Om de jaarlijkse afschrijvingen te kunnen bepalen, dient een schatting te worden
gemaakt van de levensduur en van de eventuele restwaarde.
Waarde auto: 80.000
Restwaarde: 20.000
Wordt in 5 jaar afgeschreven.
Waarde auto – restwaarde / aantal jaar afschrijven = afschrijving per jaar.
80.000 – 20.000 = 60. = 12.000 per jaar af te schrijven.
- Voorzieningen
Dienen gevormd te worden in geval van mogelijke toekomstige verplichtingen die
zich als gevolg van de bedrijfsuitoefening in het afgelopen jaar kunnen voordoen.
Bijvoorbeeld: Er loopt een rechtszaak, en hoogstwaarschijnlijk gaat het bedrijf deze
zaak verliezen. De kosten die hier aan verbonden zijn, zijn ongeveer €20.000,-. Hier
zal een voorziening voor gemaakt moeten worden in de resultatenrekening.
- Rechtstreekse vermogensmutaties
Als er door de eigenaar van de onderneming geld ingebracht of ontrokken wordt aan
de onderneming, dan mogen deze privéstortingen of privéonttrekkingen geen invloed
uitoefenen op de winst.

Activa: De productiemiddelen waarin een onderneming heeft geïnvesteerd.
Balans: Confrontatie van de waarde van de productiemiddelen waarin de
onderneming geïnvesteerd heeft en de manier waarop deze investeringen
gefinancierd zijn.
Creative accounting: Het flatteren van de winst door te optimistische schattingen bij
het opstellen van de jaarrekening.
Degressieve afschrijving: Methode waarbij aan de beginjaren een hoger
afschrijvingsbedrag wordt toegerekend dan latere jaren.
Eigen vermogen: Vermogen dat ter beschikking is gesteld door eigenaren, voor
onbepaalde tijd, de vergoeding is afhankelijk van de winst.
Lineaire afschrijving: Methode waarbij elk gebruiksjaar hetzelfde
afschrijvingsbedrag wordt toegerekend.
Passiva: De financieringsvormen van de onderneming.
Resultatenrekening: Confrontatie van kosten en opbrengsten in een periode.
Voorziening: Balanspost die mogelijke toekomstige verplichtingen weergeeft die zich
kunnen voordoen als gevolg van de bedrijfsuitoefening in het afgelopen jaar.
Vreemd vermogen: Vermogen dat ter beschikking is gesteld door schuldeisers voor
een bepaalde tijd, de vergoeding is normaliter vast.

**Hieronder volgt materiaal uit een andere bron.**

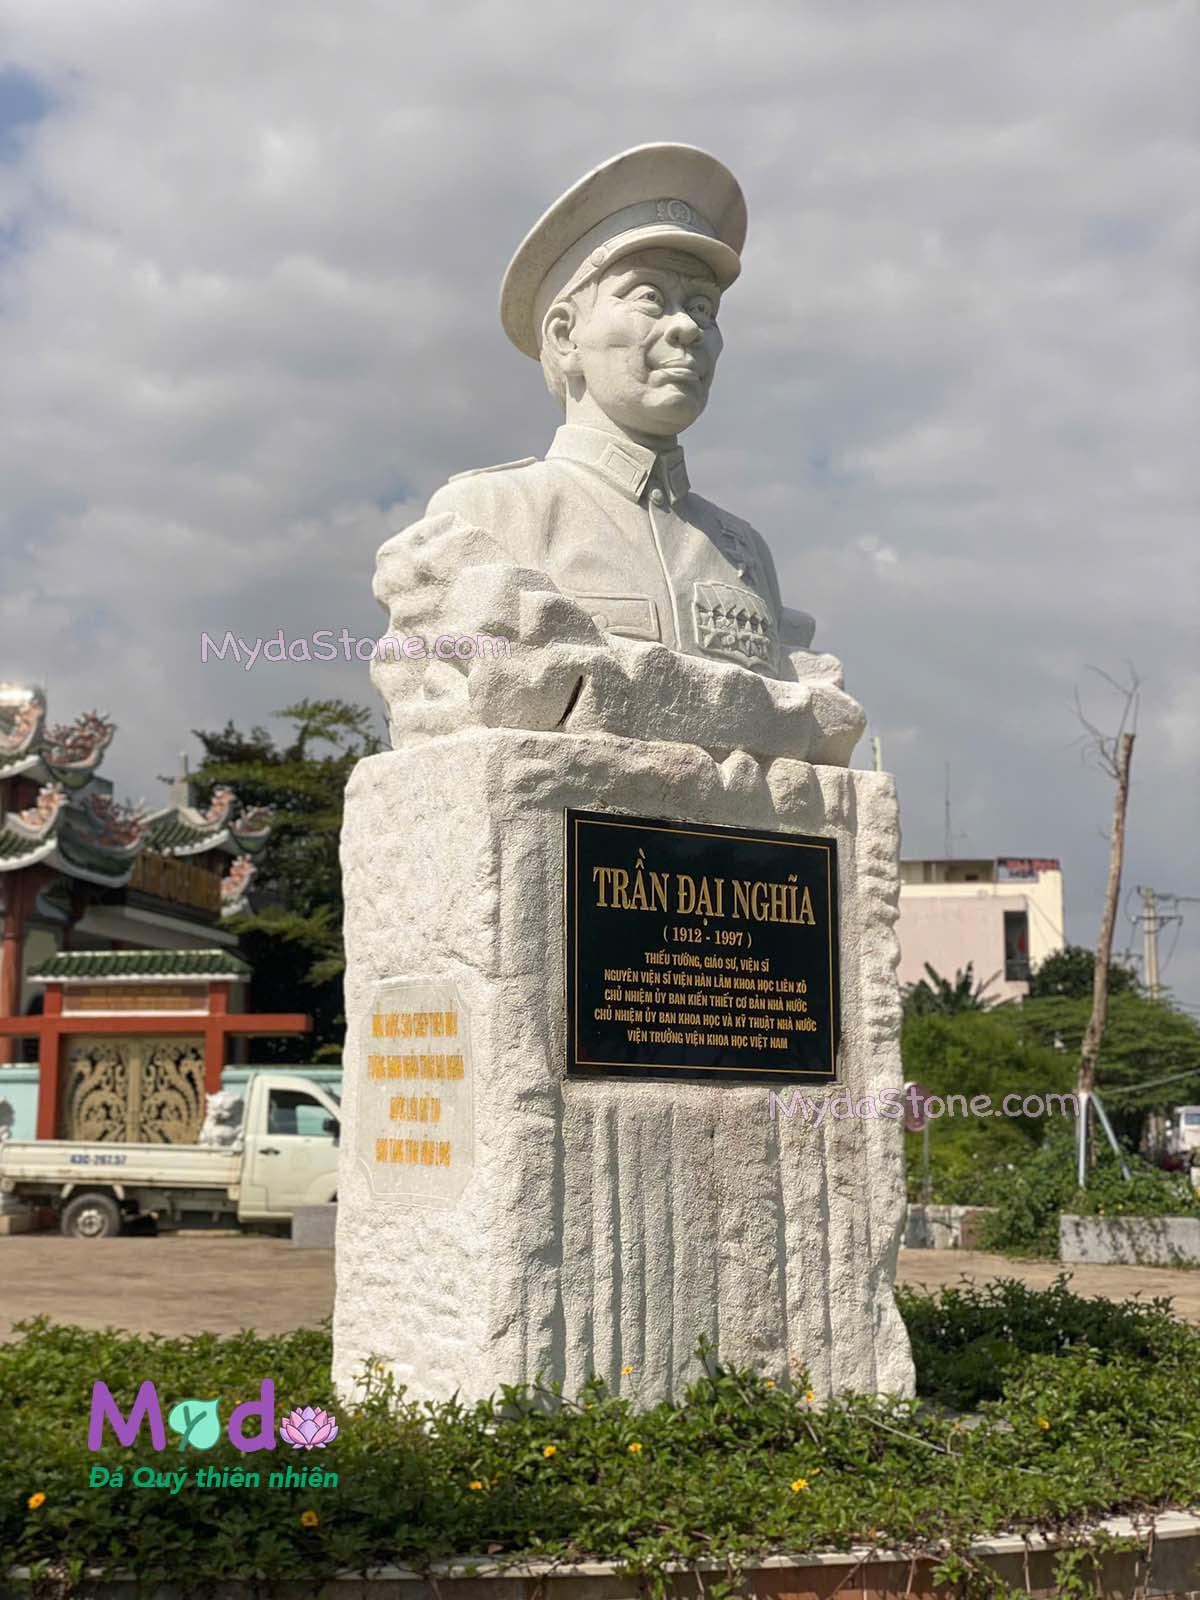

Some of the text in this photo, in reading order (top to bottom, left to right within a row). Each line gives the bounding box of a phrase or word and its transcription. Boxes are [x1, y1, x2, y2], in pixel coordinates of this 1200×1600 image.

[593, 848, 816, 926] TRẦN ĐẠI NGHĨA
[644, 949, 770, 973] THIẾU TƯỚNG, GIÁO SƯ, VIỆN SĨ
[604, 968, 807, 994] NGUYÊN VIỆN SĨ VIỆN HÀN LÂM KHOA HỌC LIÊN XÔ
[604, 985, 808, 1012] CHỦ NHIỆM ỦY BAN KIẾN THIẾT CƠ BẢN NHÀ NƯỚC
[594, 1005, 817, 1032] CHỦ NHIỆM ỦY BAN KHOA HỌC VÀ KỸ THUẬT NHÀ NƯỚC
[627, 1027, 788, 1050] VIỆN TRƯỞNG VIỆN KHOA HỌC VIỆT NAM
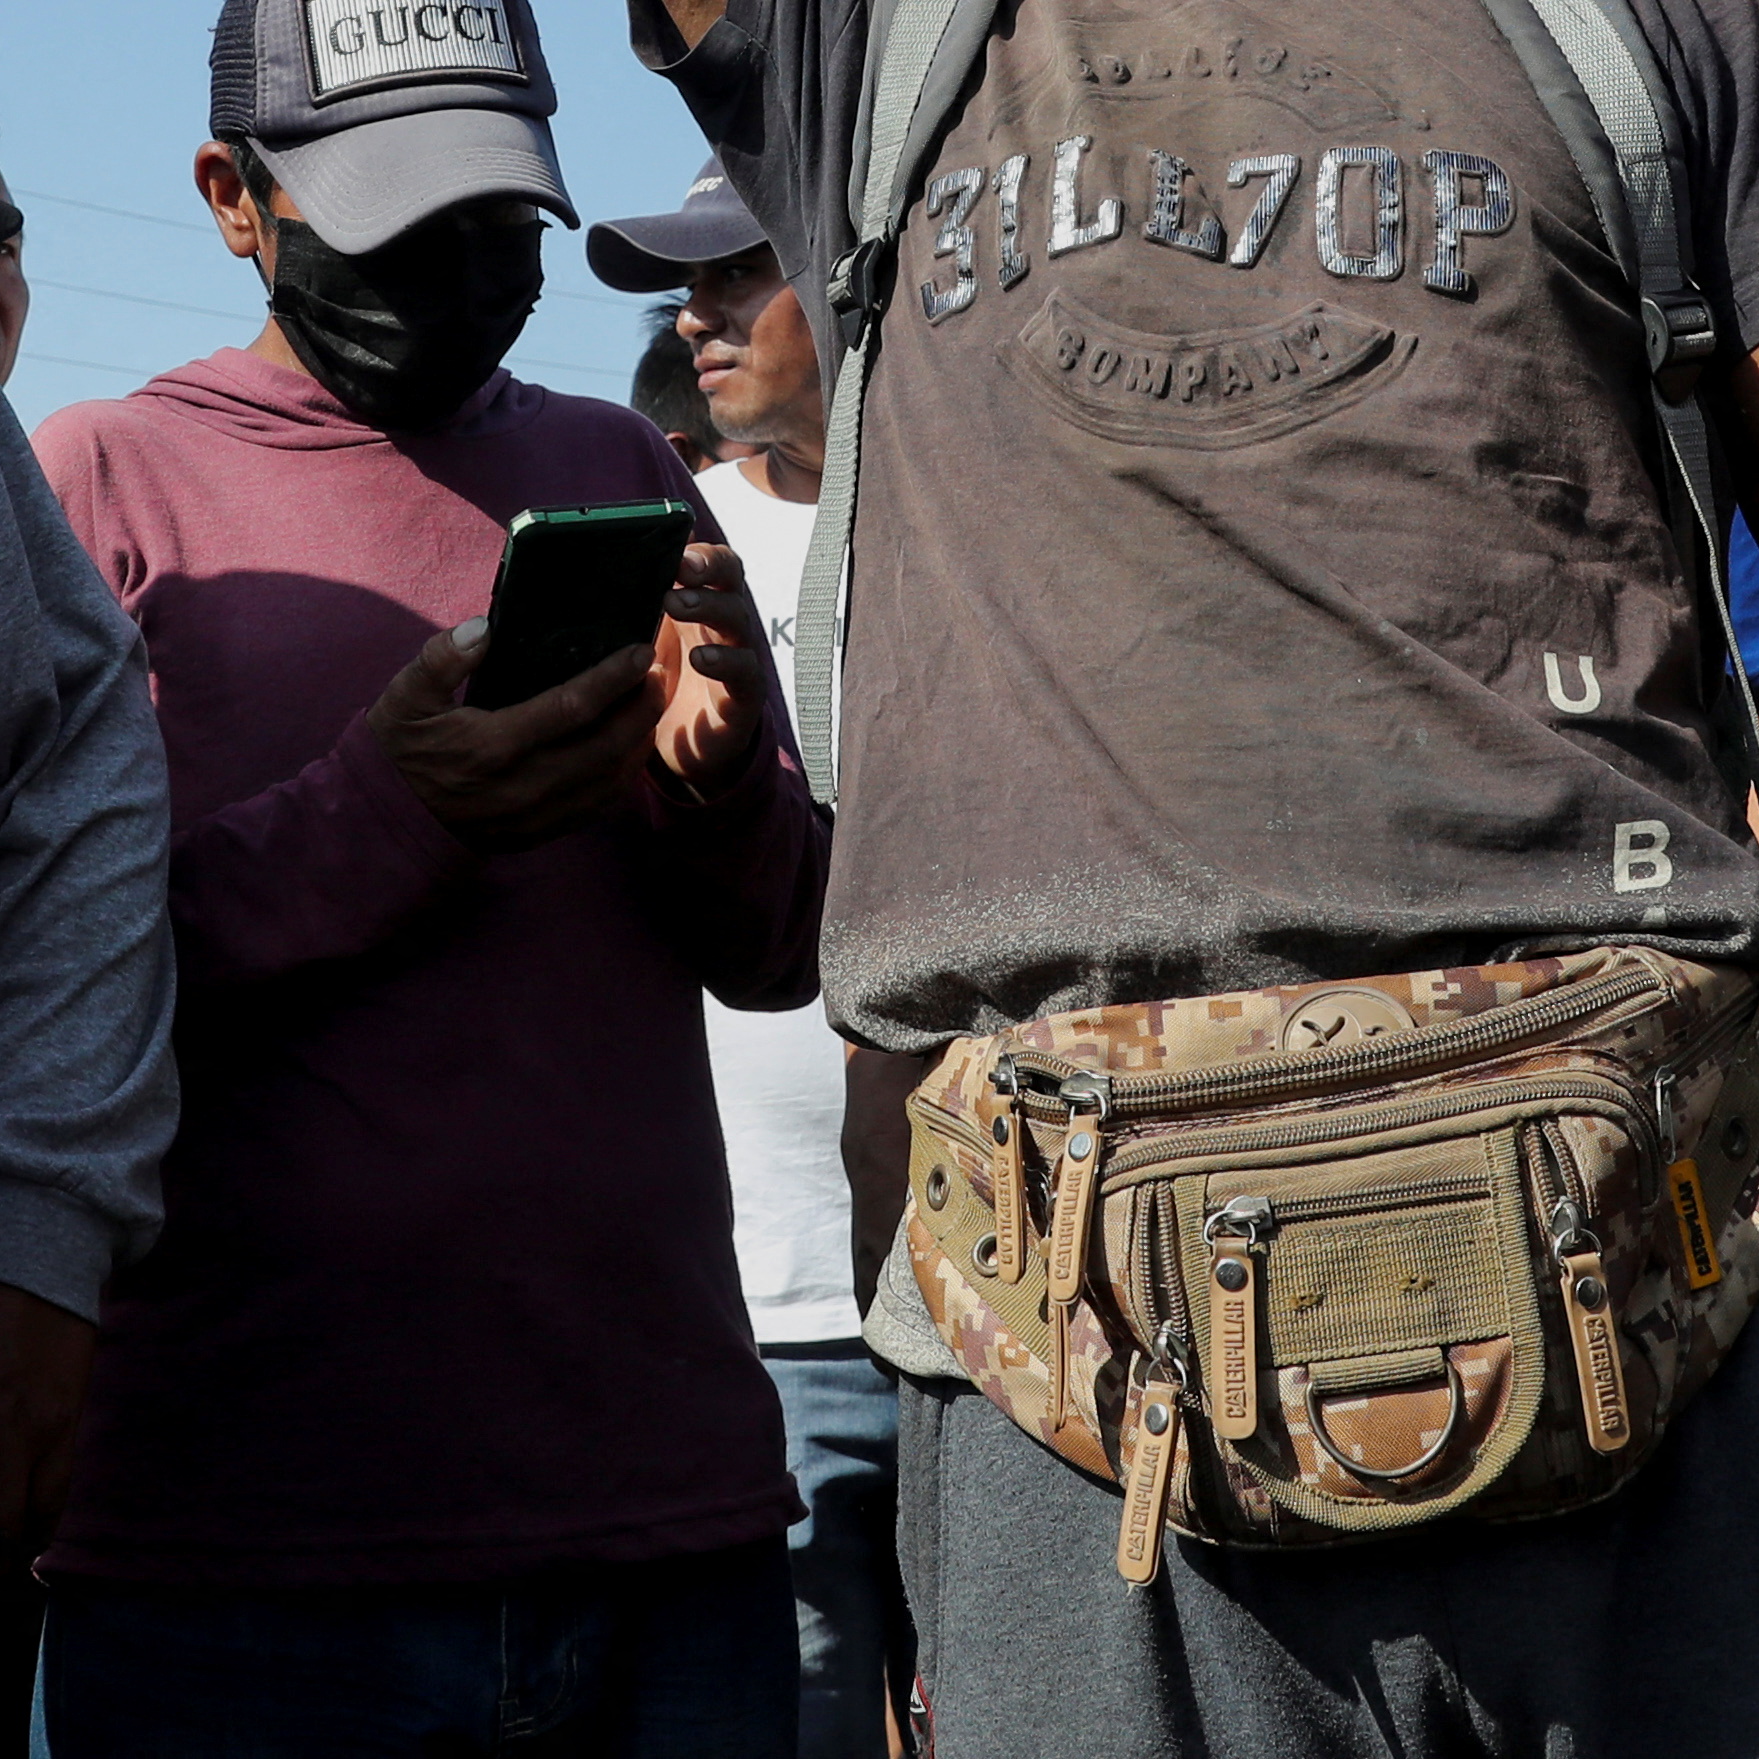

, Hoofdstuk 4. Ondernemingsplan.

Van de Nederlandse ondernemingen valt 99% in de categorie midden- en kleinbedrijf
(MKB). Het gaat hier om bedrijven van maximaal 250 medewerkers. De helft van
deze bedrijven heeft geen personeel en runt het bedrijf in zijn eentje. De starters zijn
voor het grootste deel mannen (zo’n 70%). De starter is gemiddeld achter in de 30
als hij zijn onderneming opstart. Na vijf jaar is gemiddeld 40% van de ondernemingen
alweer opgeheven. Een van de oorzaken van dit hoge faalpercentage is het
ontbreken van een goede voorbereiding.

Het schrijven van een ondernemingsplan is van belang voor de starter zelf, maar ook
voor eventuele andere belanghebbende bij de startende onderneming, met name
potentiële financiers. In de eerst plaats zorgt een ondernemingsplan dat de
ondernemer zich bewust wordt of zijn idee toegevoegde waarde heeft ten aanzien
van gelijksoortige ondernemingen. In de tweede plaats zorgt een goed
ondernemingsplan ervoor dat de starter een overzicht heeft van alle stappen die
gezet dienen te worden voordat de onderneming daadwerkelijk van start kan gaan.
Eventueel benodigde vergunningen, de keuze van een rechtsvorm, de investeringen
die gedaan dienen te worden en nog vele andere zaken dienen in een
ondernemingsplan besproken te worden. Meestal beschikt de starter niet over
voldoende geld om de benodigde investeringen te kunnen doen. Hij is dan
aangewezen op anderen om het “financieringsgat” te kunnen dichten. Uiteraard
zullen die alleen bereid zijn om geld in de onderneming te steken als ze voldoende
vertrouwen hebben in een succesvolle exploitatie.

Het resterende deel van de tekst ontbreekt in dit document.